OpenTelemetry tracing for Java AWS Lambda

7 min readDec 7, 2024

Introduction

In modern cloud-native applications, observability is crucial for understanding your services' health, performance, and usage patterns. Distributed tracing is one of the most important observability techniques, as it allows you to visualize and monitor the flow of requests across microservices, functions, and other components in your architecture.

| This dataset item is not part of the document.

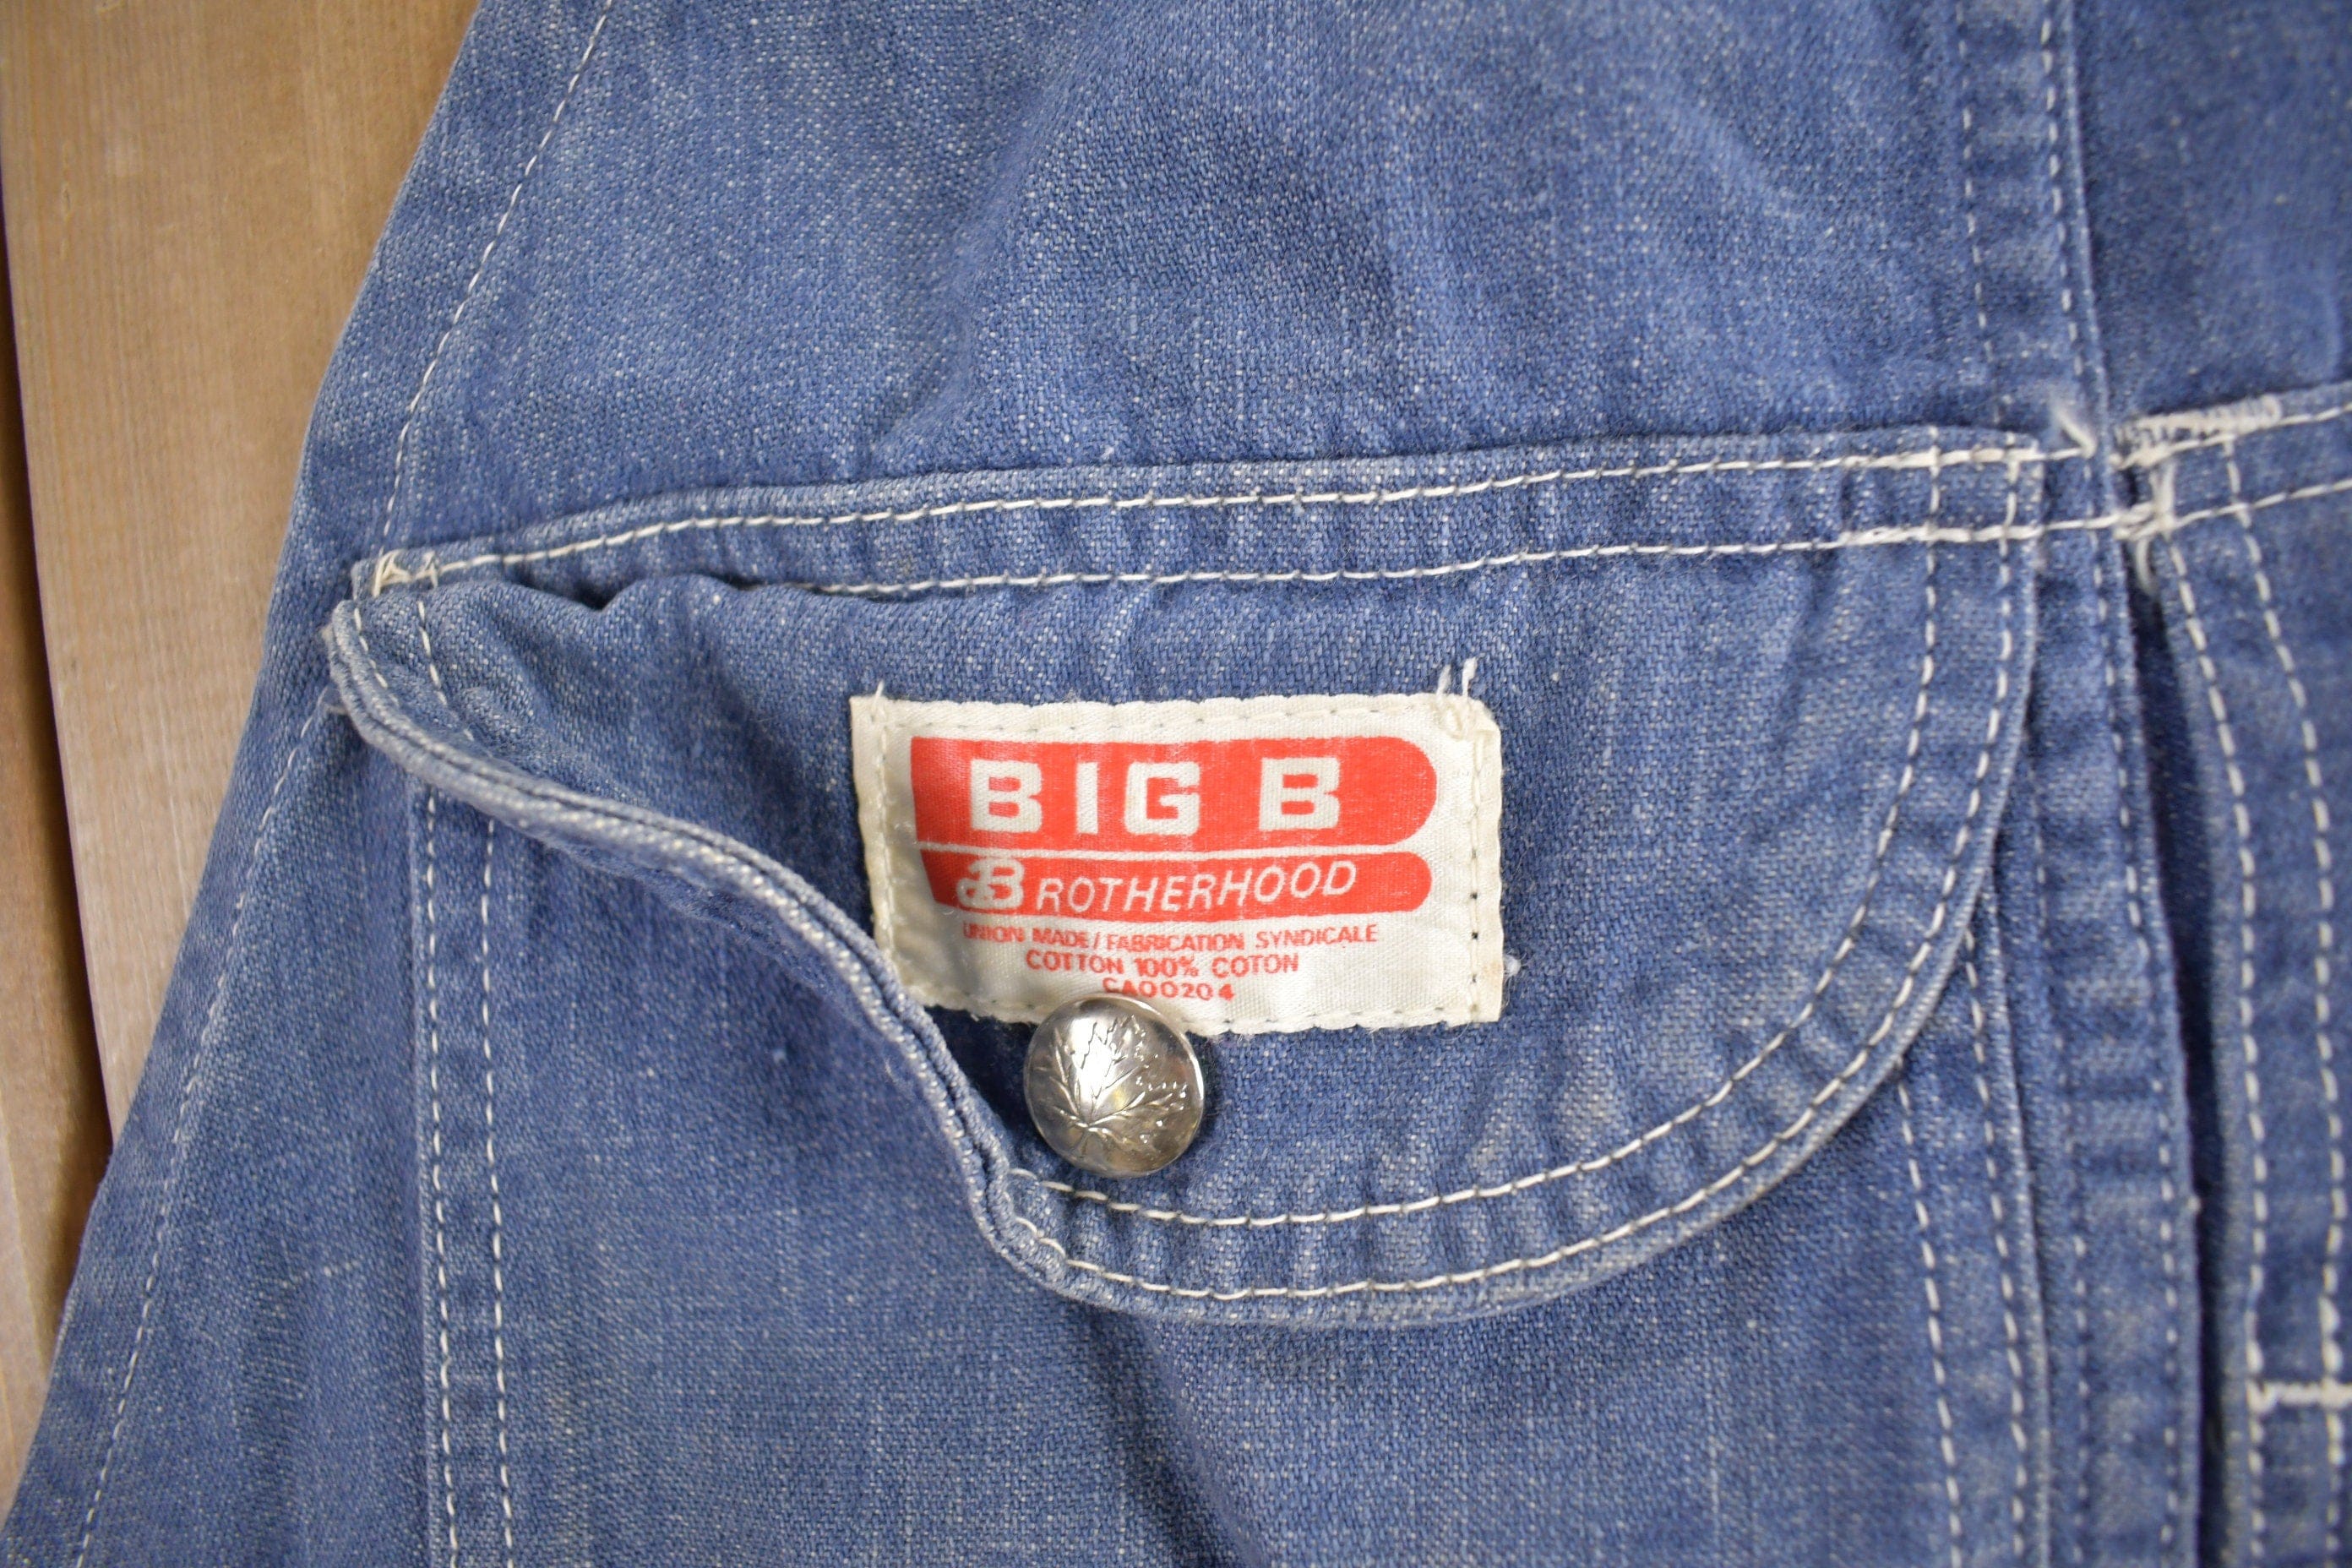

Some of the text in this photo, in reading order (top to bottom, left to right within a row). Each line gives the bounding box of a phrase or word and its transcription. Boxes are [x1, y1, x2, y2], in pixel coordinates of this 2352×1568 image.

For AWS Lambda applications, which are stateless and ephemeral, distributed tracing becomes particularly useful to track the lifecycle of requests and troubleshoot performance issues. OpenTelemetry, an open-source, vendor-agnostic framework, offers a powerful solution for capturing and sending trace data.

In this post, we will explore how to set up OpenTelemetry tracing in Java-based AWS Lambda functions, compare different approaches, measure performance, and write the most optimal solution.

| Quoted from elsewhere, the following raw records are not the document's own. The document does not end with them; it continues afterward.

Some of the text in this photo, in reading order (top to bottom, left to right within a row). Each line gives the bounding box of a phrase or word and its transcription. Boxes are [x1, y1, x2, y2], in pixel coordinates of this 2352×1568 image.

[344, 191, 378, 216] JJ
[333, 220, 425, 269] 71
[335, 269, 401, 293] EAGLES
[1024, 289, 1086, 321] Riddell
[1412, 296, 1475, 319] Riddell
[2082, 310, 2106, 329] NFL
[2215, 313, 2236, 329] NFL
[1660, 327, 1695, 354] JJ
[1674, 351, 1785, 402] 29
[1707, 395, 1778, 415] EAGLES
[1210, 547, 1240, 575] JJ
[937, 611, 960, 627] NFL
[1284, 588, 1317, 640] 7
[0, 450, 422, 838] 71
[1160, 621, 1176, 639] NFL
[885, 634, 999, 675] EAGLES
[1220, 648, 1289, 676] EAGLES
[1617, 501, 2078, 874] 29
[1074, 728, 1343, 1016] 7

Why Use OpenTelemetry Tracing for AWS Lambda?

AWS Lambda provides a highly scalable, event-driven platform for running stateless functions. However, Lambda functions' stateless and ephemeral nature presents challenges for observability.

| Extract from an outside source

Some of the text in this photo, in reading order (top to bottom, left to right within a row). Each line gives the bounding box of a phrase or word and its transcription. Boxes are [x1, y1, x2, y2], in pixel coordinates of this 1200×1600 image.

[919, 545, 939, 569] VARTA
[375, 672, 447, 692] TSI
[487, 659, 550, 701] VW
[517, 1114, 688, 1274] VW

By using OpenTelemetry for tracing, you can:

Track end-to-end request flows: Monitor the complete lifecycle of an invocation, even if it spans multiple Lambda functions or services.
Debug cold starts: Capture the latency of Lambda cold starts and optimize resource allocation.
Correlate traces across services: Get a unified view of interactions between Lambda functions, other AWS services (e.g., DynamoDB, SQS), and external services.
Identify performance bottlenecks: Visualize latency and bottlenecks in the application lifecycle

Prerequisites

To do this research I installed OpenTelemetry collector on my EC2 in the public subnet and exposed gRPC and HTTP protocols:

receivers:
  otlp:
    protocols:
      grpc:
        endpoint: "0.0.0.0:4317"  # Standard OTLP gRPC port
      http:
        endpoint: "0.0.0.0:4318"  # Standard OTLP HTTP port

So our Lambda will send traces to OpenTelemetry collector and collector then will push it to some backend (in my case I prefer Datadog)

All source code you can see in my GitHub

Approach 1: OpenTelemetry Lambda layer

OpenTelemetry already has Lambda layers for almost all runtimes. Let’s try it !

OpenTelemetry Lambda Instrumentation and OpenTelemetry SDK are bundled into the java/lib directory to be available on the classpath of the Lambda function. No code change is needed to instrument the execution of your function, but you will need to set the AWS_LAMBDA_EXEC_WRAPPER environment variable pointing to the appropriate wrapper for the type of handler.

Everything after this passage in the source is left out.